- [YOUR TASK]:
Return the listing below exactly, with the pictures dropped.
___ RECORDS SUPPLIED ___
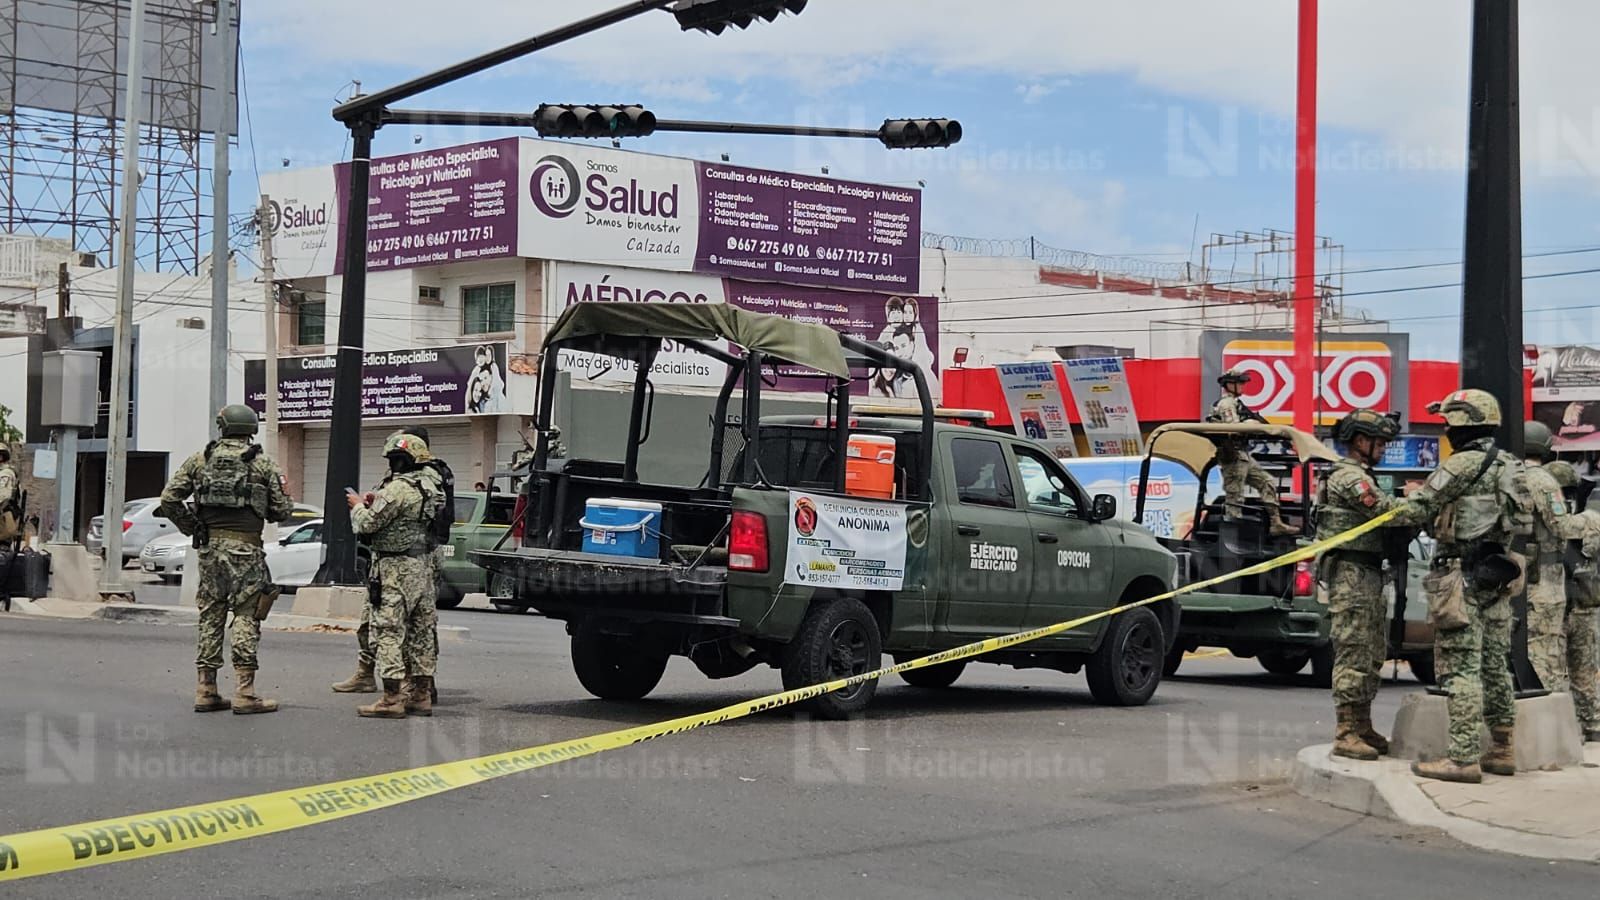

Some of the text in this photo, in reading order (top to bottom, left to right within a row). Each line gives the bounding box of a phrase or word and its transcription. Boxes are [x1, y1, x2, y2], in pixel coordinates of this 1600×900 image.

[397, 160, 410, 171] de
[411, 156, 444, 170] Médico
[446, 146, 499, 166] Especialista,
[586, 160, 618, 173] Somos
[380, 165, 472, 190] Psicología y Nutrición
[705, 168, 914, 203] Consultas de Médico Especialista, Psicología y Nutrición
[585, 174, 678, 219] Salud
[714, 190, 754, 203] Laboratorio
[714, 199, 738, 209] Dental
[283, 202, 325, 229] Salud
[714, 208, 769, 222] Odontopediatra
[793, 201, 847, 215] Ecocardiograma
[585, 211, 682, 235] Damos bienestar
[713, 216, 779, 232] Prueba de esfuerzo
[793, 209, 857, 224] Electrocardiograma
[873, 219, 907, 230] Ultrasonido
[434, 225, 493, 247] 667 712 77 51
[793, 226, 819, 236] Rayos X
[873, 227, 908, 239] Tomografía
[367, 234, 425, 253] 667 275 49 06
[626, 237, 681, 255] Calzada
[738, 239, 810, 258] 667 275 49 06
[872, 235, 903, 246] Patología
[826, 248, 893, 266] 667 712 77 51
[783, 263, 840, 277] Somos Salud Oficial
[742, 295, 807, 309] Psicología y Nutrición
[388, 350, 438, 367] Especialista
[564, 353, 710, 377] Más de 90 epecialistas
[424, 381, 458, 393] Completos
[1226, 354, 1388, 414] OXXO
[1130, 482, 1170, 497] BMBO
[838, 516, 890, 532] ANONIMA
[1143, 509, 1172, 525] EDIAS
[970, 541, 1019, 562] EJÉRCITO
[1057, 550, 1091, 568] 0890314
[970, 558, 1018, 572] MEXICANO
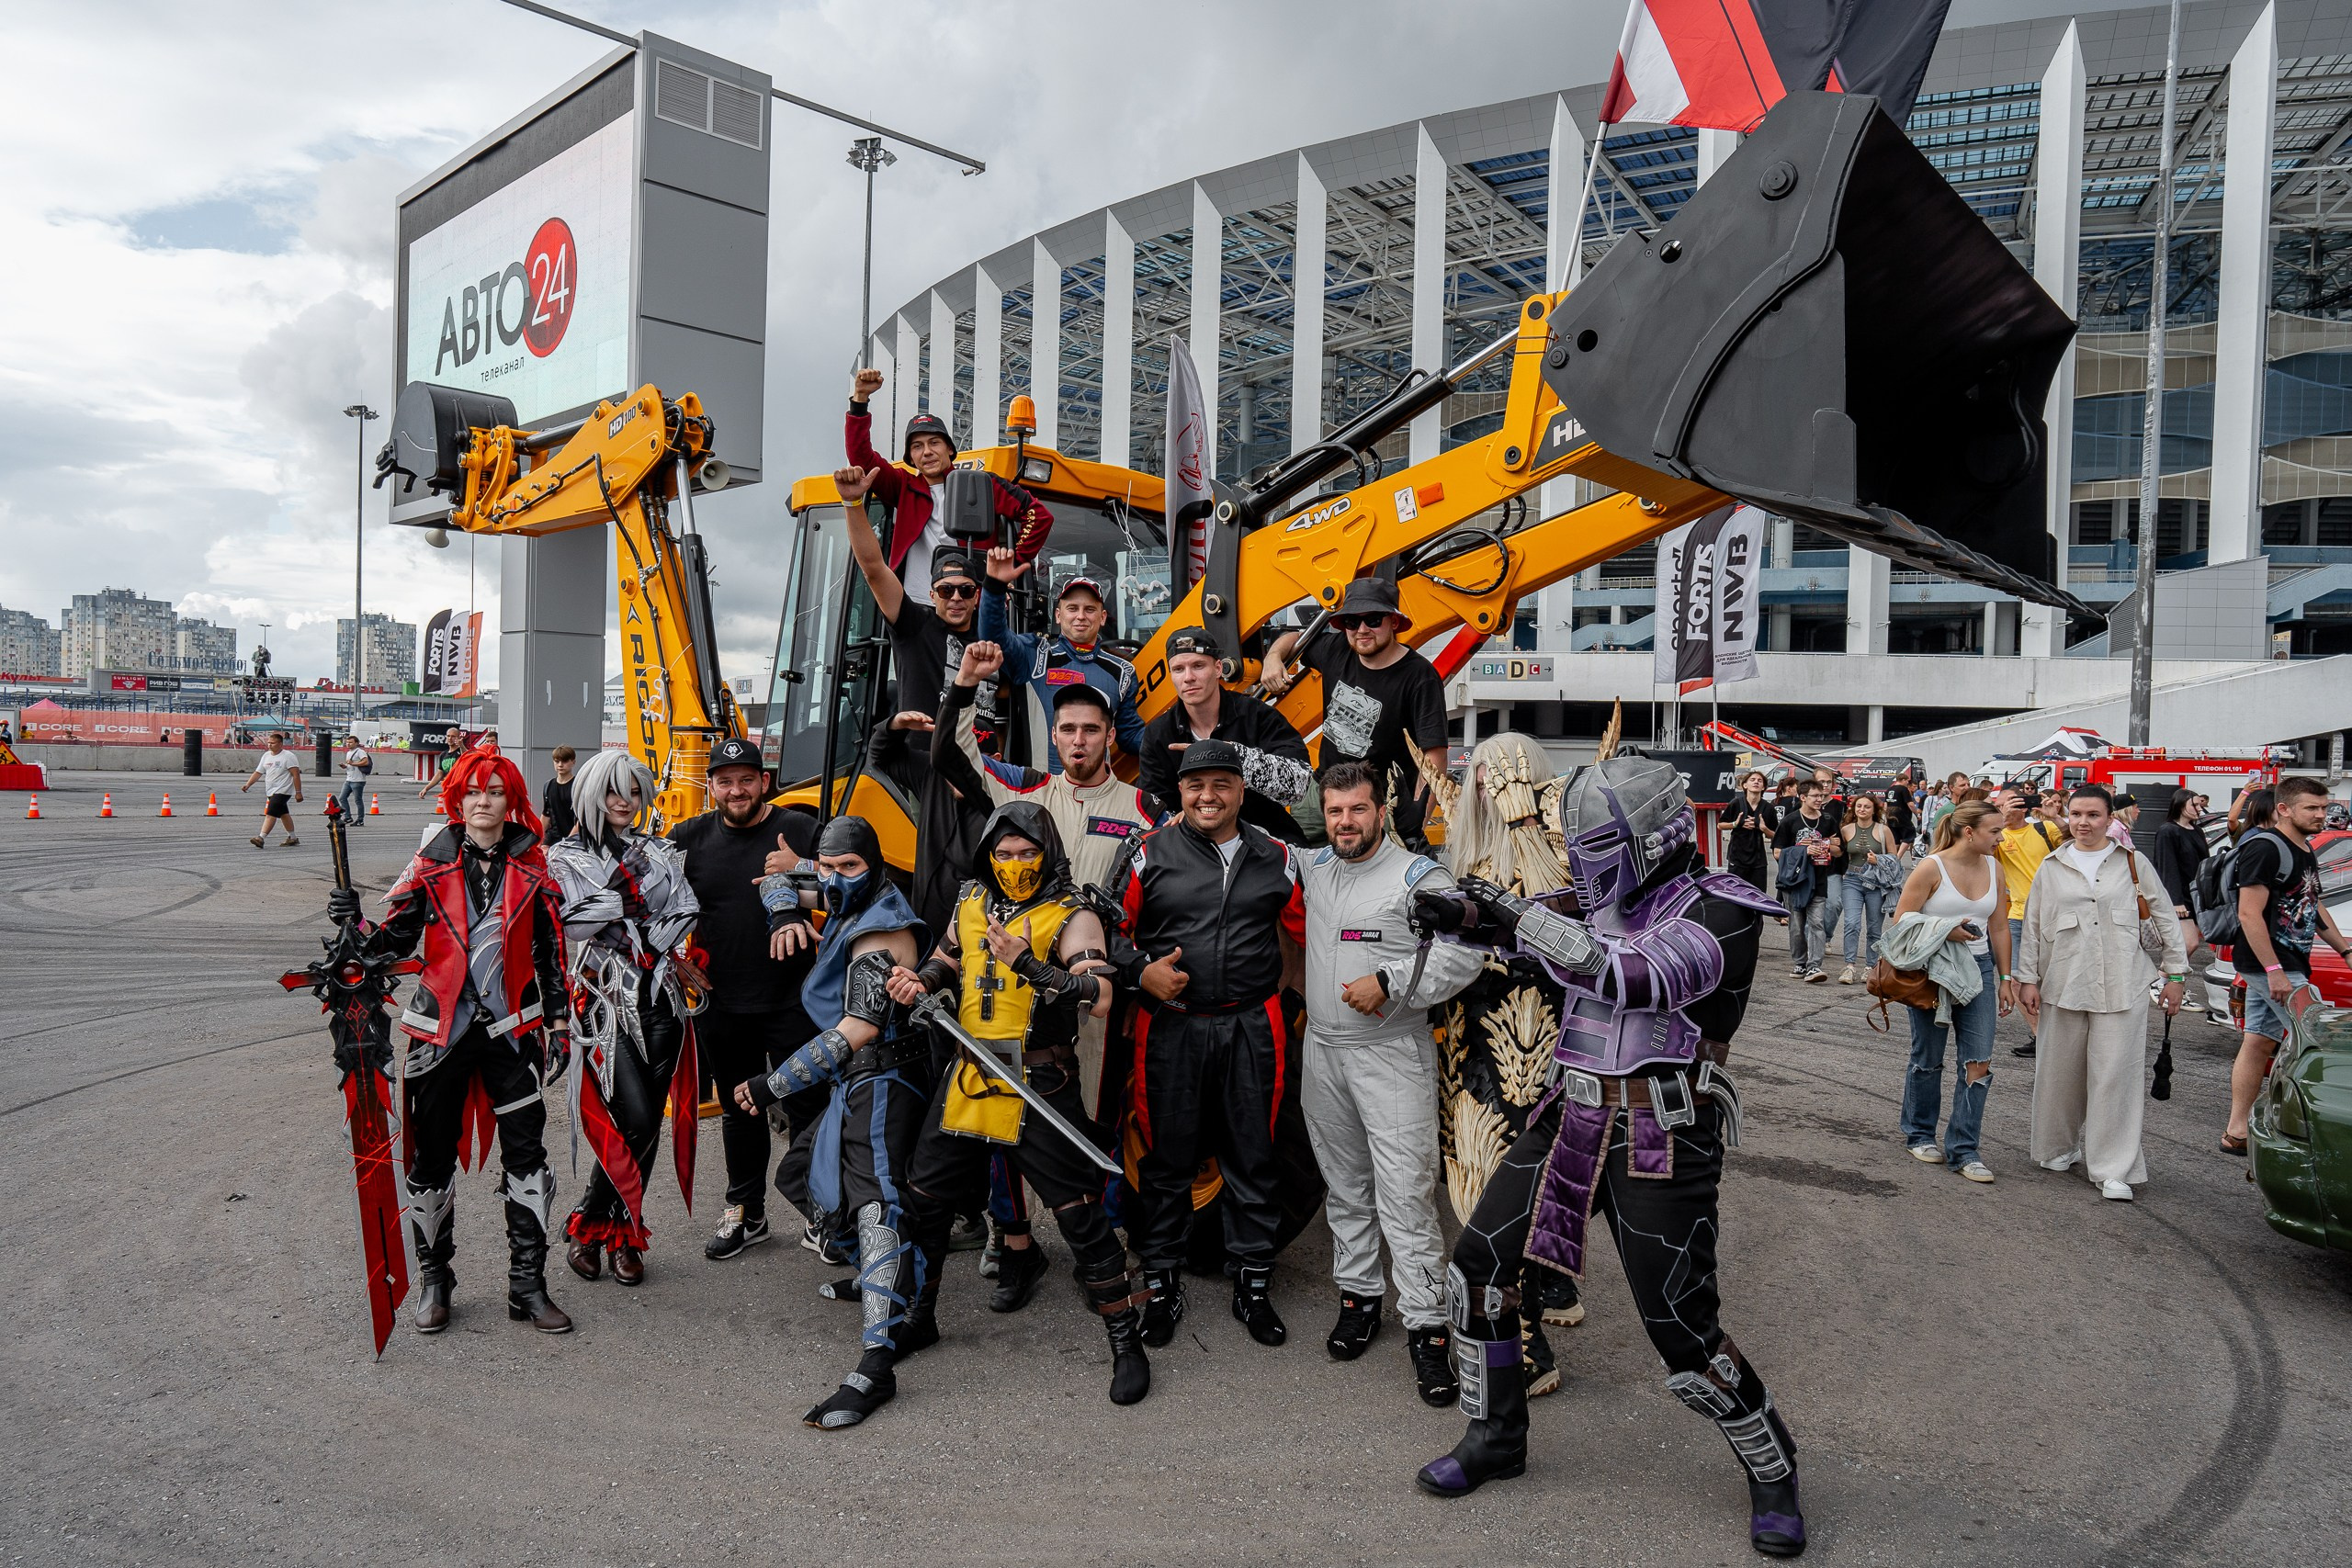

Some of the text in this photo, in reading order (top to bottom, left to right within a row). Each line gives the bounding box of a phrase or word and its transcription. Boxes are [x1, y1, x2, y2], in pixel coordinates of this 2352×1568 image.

[435, 243, 570, 377] АВТО 24
[481, 356, 525, 383] телеканал
[1286, 497, 1351, 533] 4WD
[1686, 543, 1715, 641] FORTIS
[1724, 534, 1748, 642] NWB
[428, 627, 445, 676] FORTIS
[447, 625, 461, 676] NWB
[1485, 660, 1539, 678] B A D C
[164, 680, 178, 688] ГОШ
[630, 634, 659, 781] RIGOR
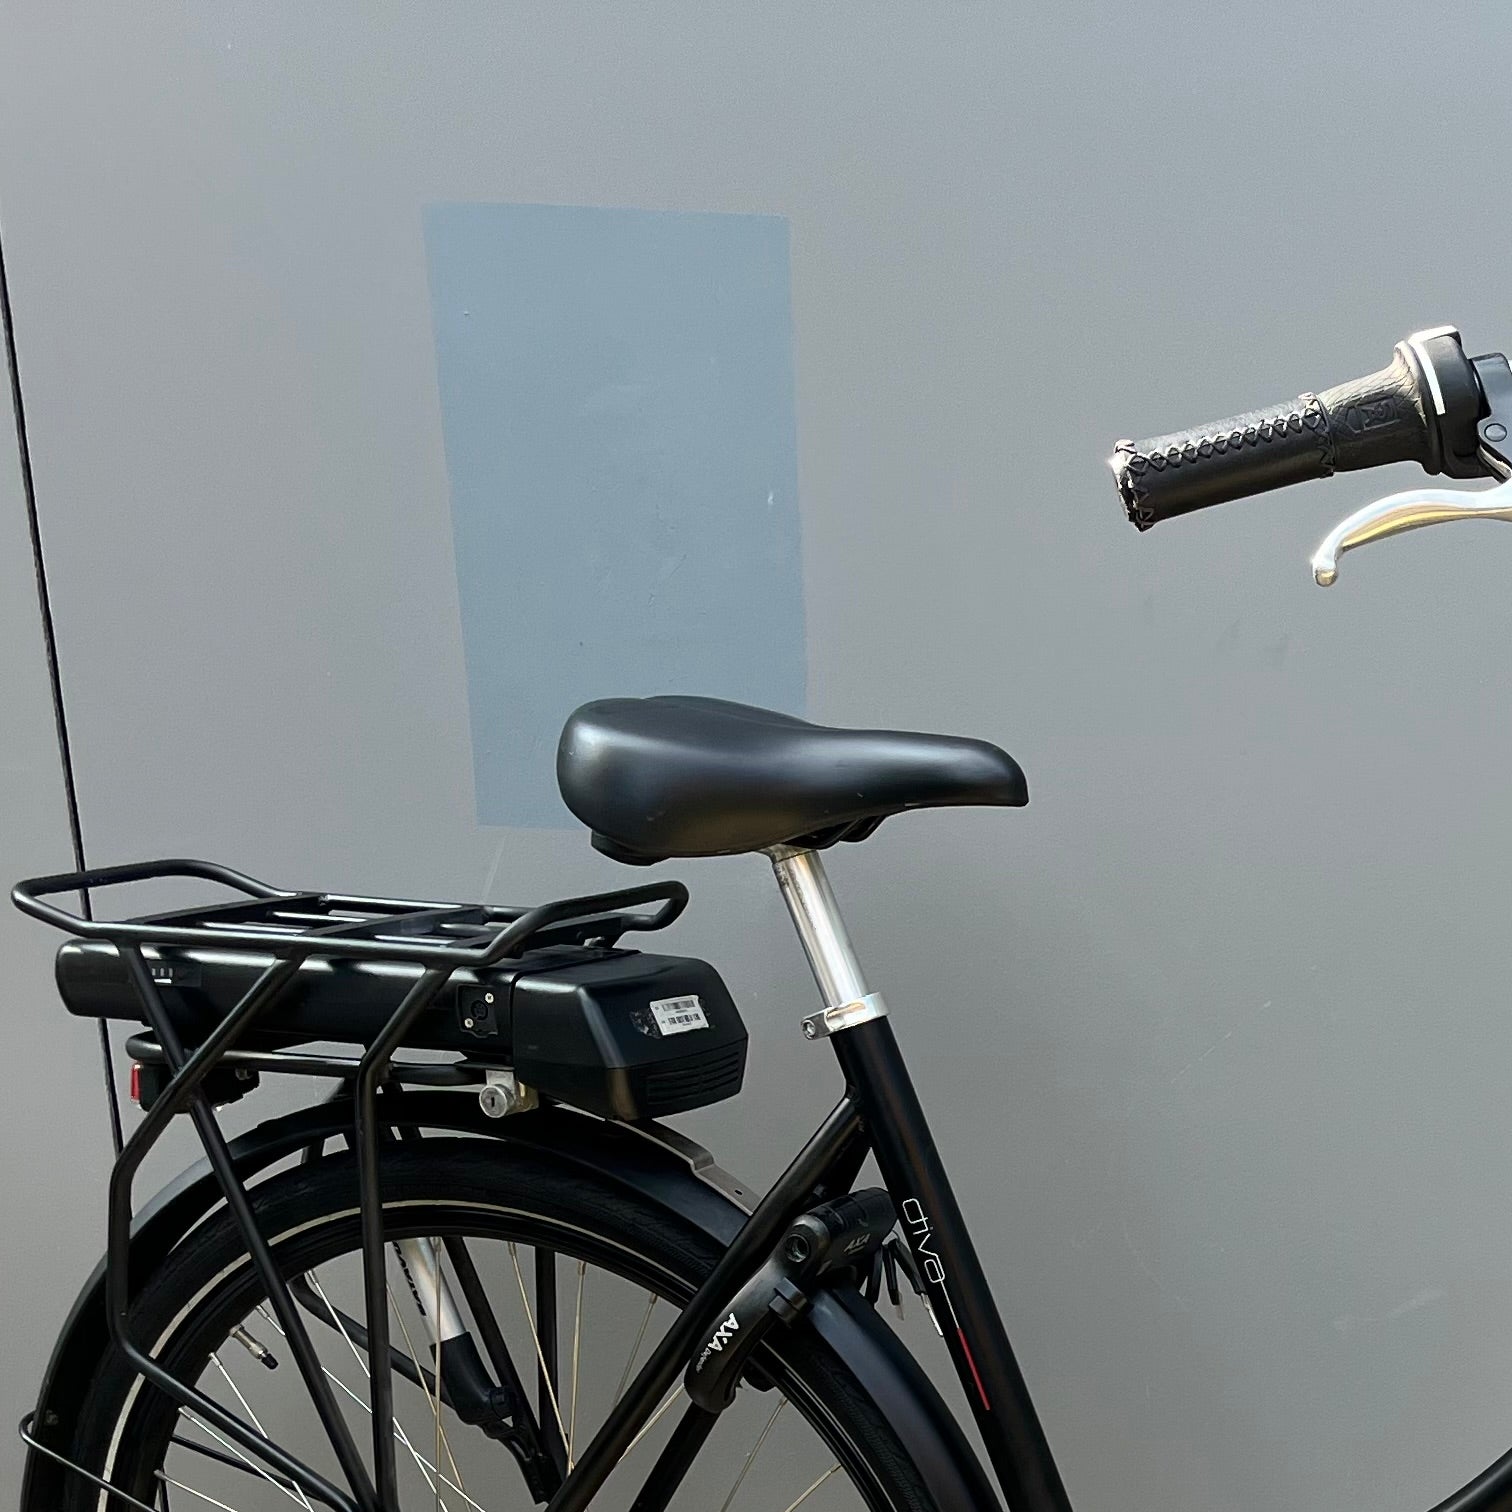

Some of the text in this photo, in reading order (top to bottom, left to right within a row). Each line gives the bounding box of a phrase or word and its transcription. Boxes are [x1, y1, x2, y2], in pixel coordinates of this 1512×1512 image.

[392, 1240, 427, 1317] BATAVU
[902, 1198, 946, 1284] diva
[707, 1311, 740, 1352] AXA
___
- [REPLY TO THE EXERCISE]:
Some of the text in this photo, in reading order (top to bottom, left to right within a row). Each line gives the bounding box of a phrase or word and its transcription. Boxes are [x1, y1, x2, y2], in pixel coordinates of this 1600×900 image.

[397, 160, 410, 171] de
[411, 156, 444, 170] Médico
[446, 146, 499, 166] Especialista,
[586, 160, 618, 173] Somos
[380, 165, 472, 190] Psicología y Nutrición
[705, 168, 914, 203] Consultas de Médico Especialista, Psicología y Nutrición
[585, 174, 678, 219] Salud
[714, 190, 754, 203] Laboratorio
[714, 199, 738, 209] Dental
[283, 202, 325, 229] Salud
[714, 208, 769, 222] Odontopediatra
[793, 201, 847, 215] Ecocardiograma
[585, 211, 682, 235] Damos bienestar
[713, 216, 779, 232] Prueba de esfuerzo
[793, 209, 857, 224] Electrocardiograma
[873, 219, 907, 230] Ultrasonido
[434, 225, 493, 247] 667 712 77 51
[793, 226, 819, 236] Rayos X
[873, 227, 908, 239] Tomografía
[367, 234, 425, 253] 667 275 49 06
[626, 237, 681, 255] Calzada
[738, 239, 810, 258] 667 275 49 06
[872, 235, 903, 246] Patología
[826, 248, 893, 266] 667 712 77 51
[783, 263, 840, 277] Somos Salud Oficial
[742, 295, 807, 309] Psicología y Nutrición
[388, 350, 438, 367] Especialista
[564, 353, 710, 377] Más de 90 epecialistas
[424, 381, 458, 393] Completos
[1226, 354, 1388, 414] OXXO
[1130, 482, 1170, 497] BMBO
[838, 516, 890, 532] ANONIMA
[1143, 509, 1172, 525] EDIAS
[970, 541, 1019, 562] EJÉRCITO
[1057, 550, 1091, 568] 0890314
[970, 558, 1018, 572] MEXICANO

Some of the text in this photo, in reading order (top to bottom, left to right within a row). Each line gives the bounding box of a phrase or word and its transcription. Boxes are [x1, y1, x2, y2], in pixel coordinates of this 2352×1568 image.

[435, 243, 570, 377] АВТО 24
[481, 356, 525, 383] телеканал
[1286, 497, 1351, 533] 4WD
[1686, 543, 1715, 641] FORTIS
[1724, 534, 1748, 642] NWB
[428, 627, 445, 676] FORTIS
[447, 625, 461, 676] NWB
[1485, 660, 1539, 678] B A D C
[164, 680, 178, 688] ГОШ
[630, 634, 659, 781] RIGOR

Some of the text in this photo, in reading order (top to bottom, left to right within a row). Each line gives the bounding box of a phrase or word and its transcription. Boxes are [x1, y1, x2, y2], in pixel coordinates of this 1512×1512 image.

[392, 1240, 427, 1317] BATAVU
[902, 1198, 946, 1284] diva
[707, 1311, 740, 1352] AXA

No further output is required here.